YOUR INSTRUCTIONS> Without any images, output the records below verbatim.

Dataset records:

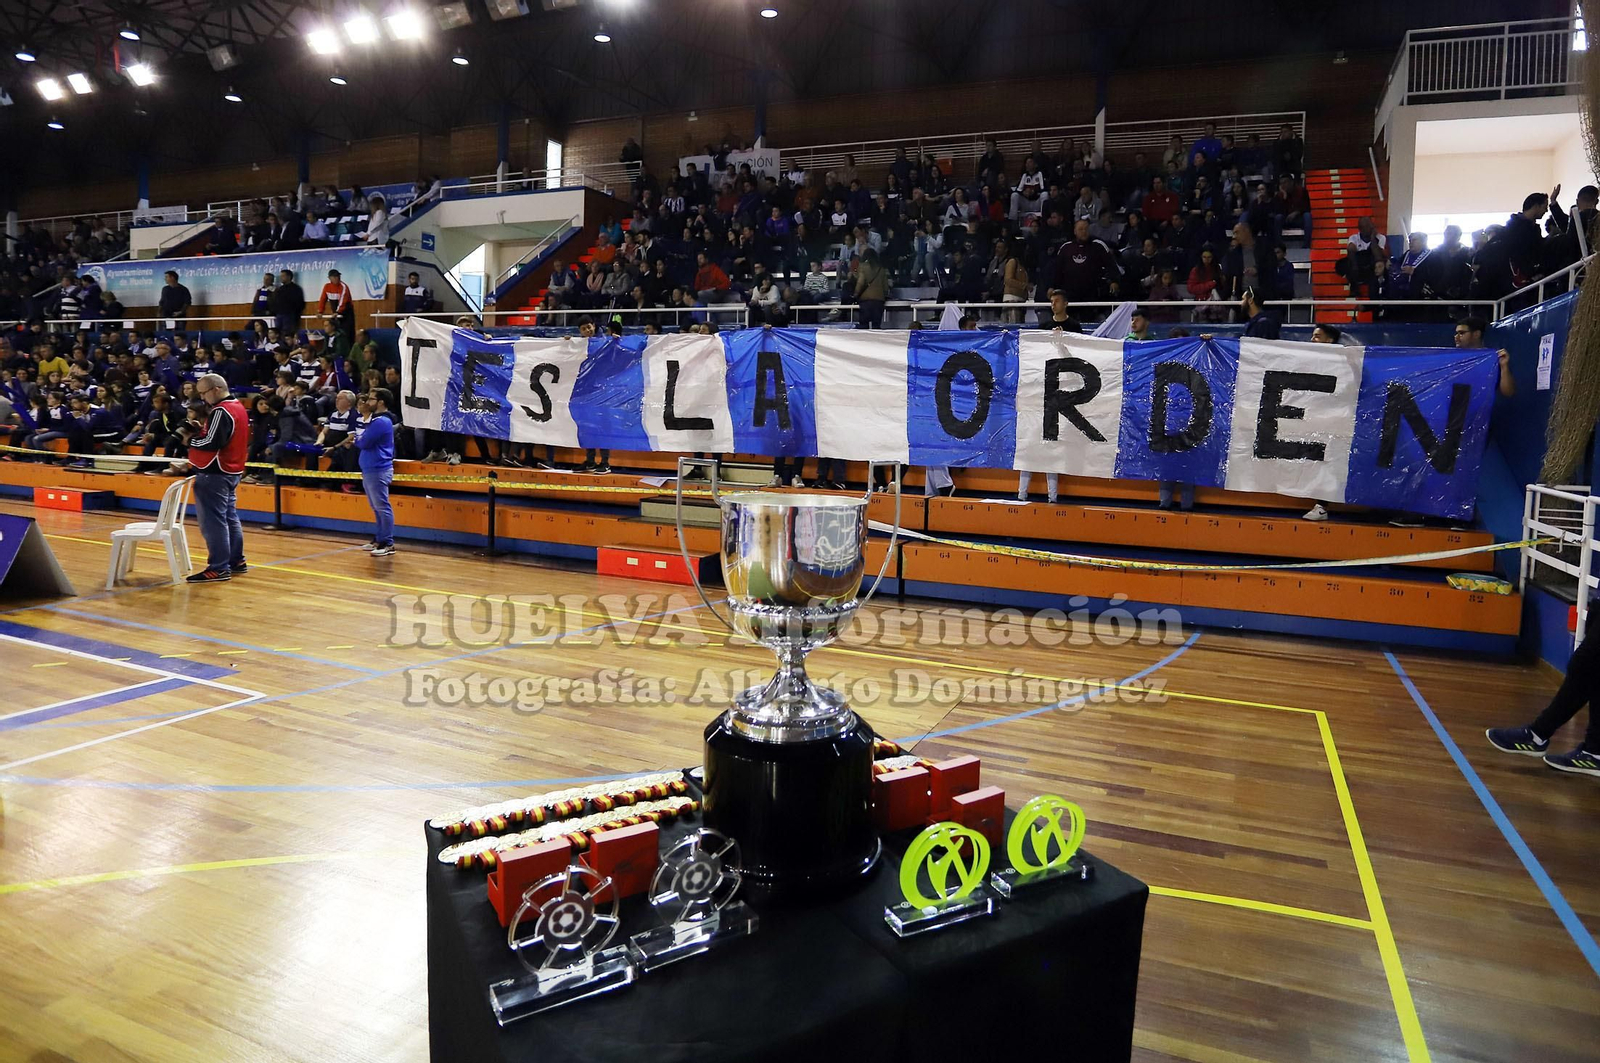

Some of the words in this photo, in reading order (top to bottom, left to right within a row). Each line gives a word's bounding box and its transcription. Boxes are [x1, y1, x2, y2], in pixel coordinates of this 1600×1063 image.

[106, 268, 153, 279] Ayuntamiento
[661, 351, 792, 431] LA
[934, 350, 1471, 476] ORDEN
[1446, 535, 1461, 543] 82
[1262, 578, 1276, 587] 76
[1326, 583, 1340, 592] 78
[1389, 588, 1404, 596] 80
[1468, 594, 1484, 603] 82

WRITTEN ANSWER>
Some of the words in this photo, in reading order (top to bottom, left to right within a row). Each line gives a word's bounding box and its transcription. Boxes are [x1, y1, x2, y2], in pixel coordinates of this 1600×1063 image.

[106, 268, 153, 279] Ayuntamiento
[661, 351, 792, 431] LA
[934, 350, 1471, 476] ORDEN
[1446, 535, 1461, 543] 82
[1262, 578, 1276, 587] 76
[1326, 583, 1340, 592] 78
[1389, 588, 1404, 596] 80
[1468, 594, 1484, 603] 82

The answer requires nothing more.